Candidate: Dr. Matthew Semler, MD, MSCI is an Assistant Professor at Vanderbilt University Medical Center. Dr. Semler has a strong background in critical care clinical trials gained through both his formal training in clinical research and his work conducting prior comparative effectiveness trials in fluid management and respiratory support. His long-term career plan is to become a physician scientist recognized as the national leader in the integration of pragmatic comparative effectiveness trials into the delivery of critical care. To achieve this, his immediate goals are to learn the clinical informatics methods needed to embed clinical trials within the electronic health record, advance his methodologic expertise in novel trial designs, and master the advanced modeling techniques required to predict the effect of therapy for individual patients.
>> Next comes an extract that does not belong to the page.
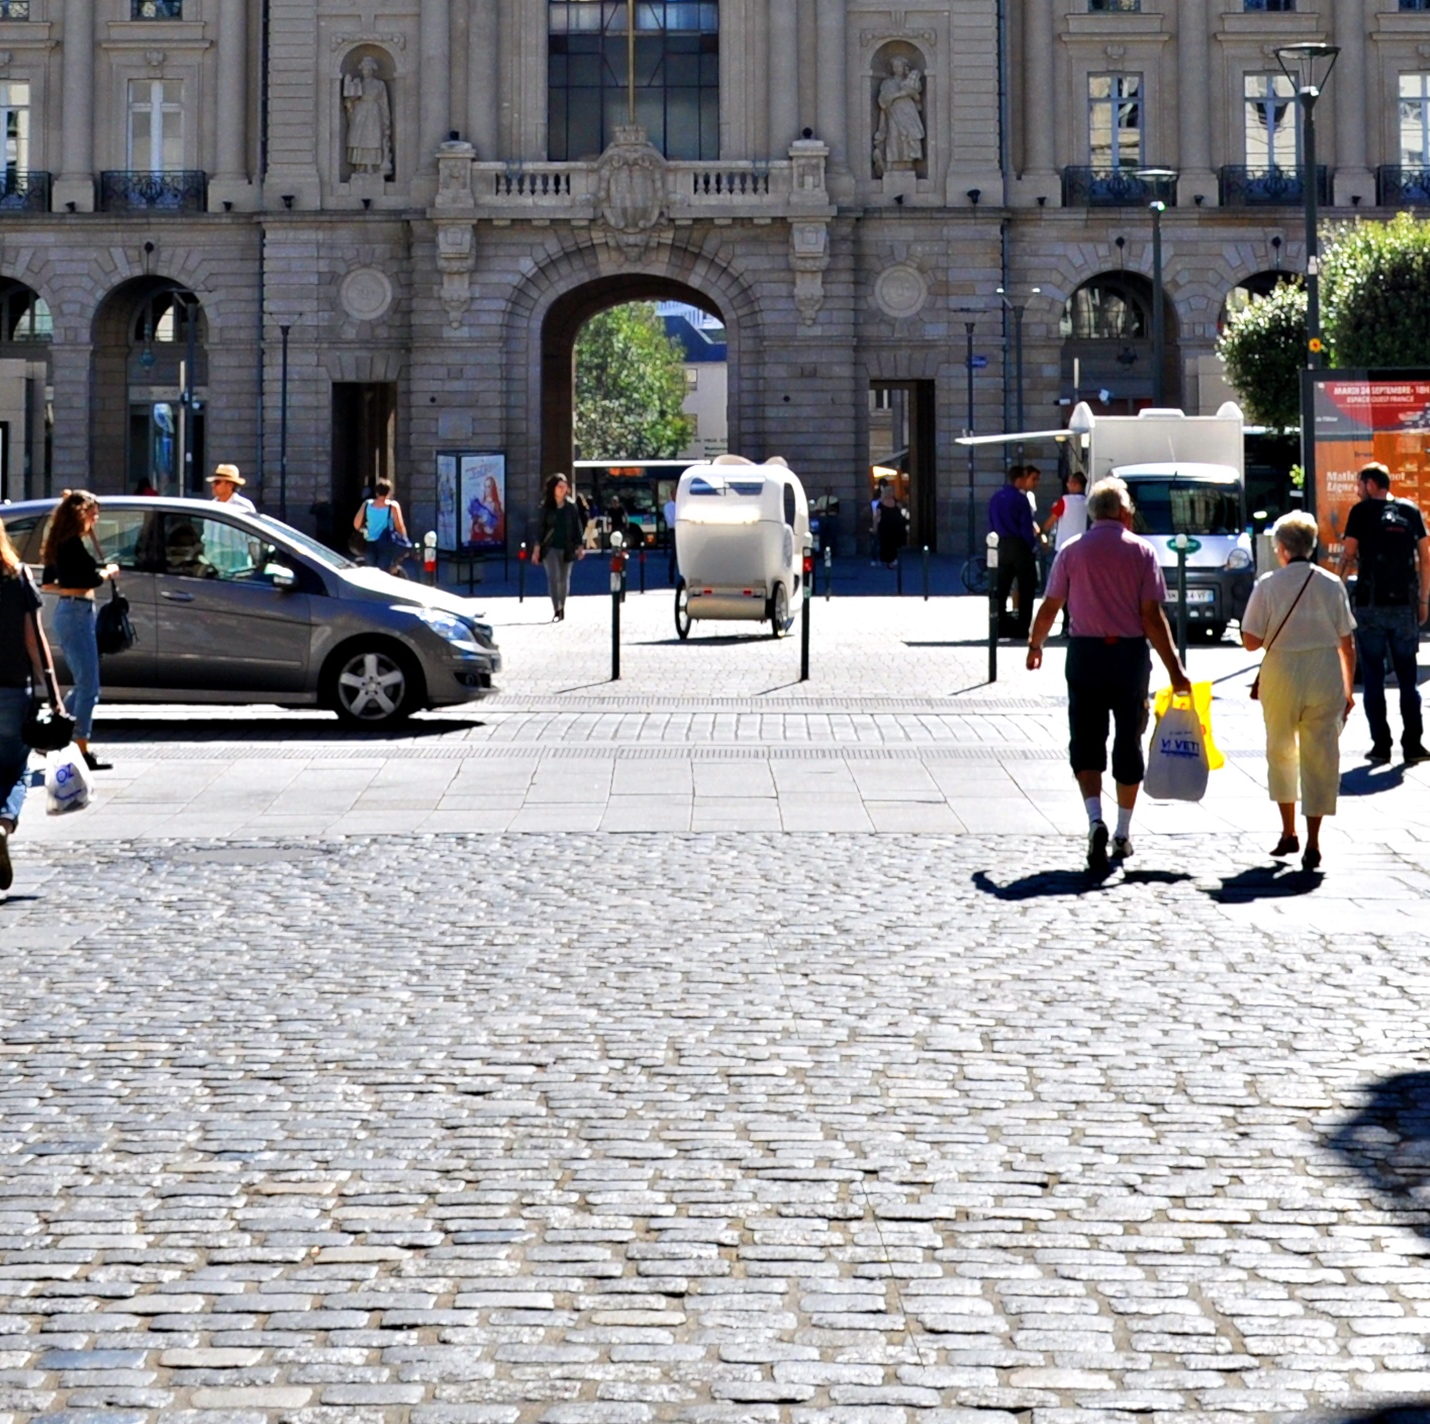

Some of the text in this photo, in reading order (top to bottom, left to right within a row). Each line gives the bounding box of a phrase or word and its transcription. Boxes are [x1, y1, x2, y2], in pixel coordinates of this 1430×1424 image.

[1334, 386, 1360, 395] MARDI
[1347, 395, 1414, 403] ESPACE OUEST FRANCE
Research Project: Each year 2-3 million critically ill adults receive invasive mechanical ventilation, with an associated in-hospital mortality of 25-35%. Mechanical ventilation of critically ill adults universally involves titration of the fraction of inspired oxygen (FiO2) to maintain arterial oxygen saturation (SpO2), and yet the optimal SpO2 target remains unknown. Both hyperoxia and hypoxia may influence organ function, and improved understanding of the effects of SpO2 target during mechanical ventilation on clinical outcomes of critical illness is urgently needed.
The Specific Aims of the proposed research are:
Aim 1) Conduct the Pragmatic Investigation of optimaL Oxygen Targets (PILOT) trial, a 2,250-patient cluster-crossover trial testing the hypothesis that use of a lower SpO2 target (90%) for mechanically ventilated ICU patients will result in more days alive and free of invasive mechanical ventilation than use of an intermediate SpO2 target (94%) or a higher SpO2 target (98%);
and Aim 2) Develop a statistical model predicting the effect of SpO2 target on clinical outcomes for individual patients, using data from the PILOT trial. Career Development: Dr. Semler?s career development plan integrates formal coursework with personalized training with his mentors and collaborators to: 1) strengthen his methodologic foundation in the conduct of pragmatic comparative effectiveness trials; 2) develop expertise in novel clinical trial designs; 3) master advanced statistical modeling techniques for cluster-level data and predicting the effect of therapy for individual patients within a trial, and 4) bolstering his skills as a leader of multi-disciplinary research teams. Environment: VUMC is the ideal environment to foster Dr. Semler?s development into a national leader in pragmatic comparative effectiveness trials within critical care. The environment includes an unparalleled team of NIH-funded mentors and collaborators, an internationally-recognized bioinformatics infrastructure, and the new Learning Healthcare System component of Vanderbilt?s Clinical and Translational Science Award (CTSA), funded to develop the novel methods for integrating clinical research into clinical care that form the basis for the proposed research project and career development plan.
Millions of critically ill adults receive oxygen therapy during invasive mechanical ventilation each year, yet the optimal arterial oxygen saturation target for mechanically ventilated adults remains unknown. A better understanding of the effects of inspired oxygen, hyperoxemia, and hypoxemia on organ function and clinical outcomes for mechanically ventilated intensive care unit patients is urgently needed. Therefore, we designed the Pragmatic Investigation of optimaL Oxygen Targets (PILOT) trial to compare the effects of higher, intermediate, and lower oxygen saturation targets on the number of days alive and free from mechanical ventilation, for mechanically ventilated patients overall and, via advanced predictive modeling, for individual patients.